One day after losing, 2-0, and managing only four hits in Los Angeles, the Brewers battered Pittsburgh starter Wandy Rodriguez (2-1), The left-hander lasted only 3 2/3 innings, giving up seven runs on six hits and four walks while striking out two. His ERA climbed to 3.91 after beginning the game at 1.66.
After Pittsburgh took a 1-0 lead in the top of the first, the Brewers scored five runs in the bottom half of the inning to take the lead for good. Aoki led off with a walk and scored on Segura's second homer of the year.
Ryan Braun then hit his first double since April 8 and Jonathan Lucroy walked, but was picked off first by catcher Russell Martin.

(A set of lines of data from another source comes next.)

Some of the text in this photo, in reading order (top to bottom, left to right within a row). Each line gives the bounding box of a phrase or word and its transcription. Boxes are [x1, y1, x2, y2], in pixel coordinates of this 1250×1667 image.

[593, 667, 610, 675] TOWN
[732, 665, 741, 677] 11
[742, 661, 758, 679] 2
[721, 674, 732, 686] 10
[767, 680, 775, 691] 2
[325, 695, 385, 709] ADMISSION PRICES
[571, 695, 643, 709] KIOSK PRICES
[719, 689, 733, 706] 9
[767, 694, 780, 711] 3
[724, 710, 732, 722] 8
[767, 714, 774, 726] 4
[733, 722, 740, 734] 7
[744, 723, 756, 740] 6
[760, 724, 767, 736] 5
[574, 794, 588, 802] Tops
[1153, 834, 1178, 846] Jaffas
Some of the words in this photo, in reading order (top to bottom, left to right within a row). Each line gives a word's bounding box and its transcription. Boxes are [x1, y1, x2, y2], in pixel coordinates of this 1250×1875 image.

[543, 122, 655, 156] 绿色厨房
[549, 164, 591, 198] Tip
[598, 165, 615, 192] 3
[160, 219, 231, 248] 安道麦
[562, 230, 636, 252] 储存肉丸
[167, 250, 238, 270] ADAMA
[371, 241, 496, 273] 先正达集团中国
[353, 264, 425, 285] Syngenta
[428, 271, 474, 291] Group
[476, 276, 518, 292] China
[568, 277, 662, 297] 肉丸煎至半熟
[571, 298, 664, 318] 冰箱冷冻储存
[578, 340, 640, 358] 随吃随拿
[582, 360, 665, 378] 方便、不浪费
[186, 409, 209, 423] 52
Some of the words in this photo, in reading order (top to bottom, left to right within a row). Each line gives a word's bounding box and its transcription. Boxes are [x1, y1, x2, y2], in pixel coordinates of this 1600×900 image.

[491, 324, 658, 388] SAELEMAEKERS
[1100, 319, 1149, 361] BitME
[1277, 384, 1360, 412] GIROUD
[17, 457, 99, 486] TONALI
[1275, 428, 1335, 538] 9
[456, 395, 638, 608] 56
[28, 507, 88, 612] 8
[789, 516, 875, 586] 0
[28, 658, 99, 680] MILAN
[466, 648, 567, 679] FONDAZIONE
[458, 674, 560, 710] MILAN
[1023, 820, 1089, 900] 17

Rodriguez then walked Rickie Weeks and Gomez to load the bases. Betancourt's groundout allowed Braun to score for a 3-1 lead. Maldonado then singled to score both Weeks and Gomez to make it 5-1.
The other four teams to have winning records in April after slow starts all opened the season 2-8 like this year's Brewers: the 1976 Dodgers (10-9 in April), the '77 Yankees (11-9), the '85 Twins (11-9) and the 2011 Rays (15-12).
The strong rebound from the slow start has Roenicke optimistic. Cleanup hitter Aramis Ramirez is preparing to return from a sprained left knee this week and slugger Corey Hart hopes to come back from knee surgery when he's eligible to come off the disabled list on May 30.
"The way we started, I thought it would be a long time before we got back to .500," Roenicke said. "Now I'm looking at this as trying to win as many games as we can until we get everybody back. With the addition of [Kyle] Lohse to the starting staff, if we can score some runs for him, he's going to be a huge addition to the team, and I see us being good."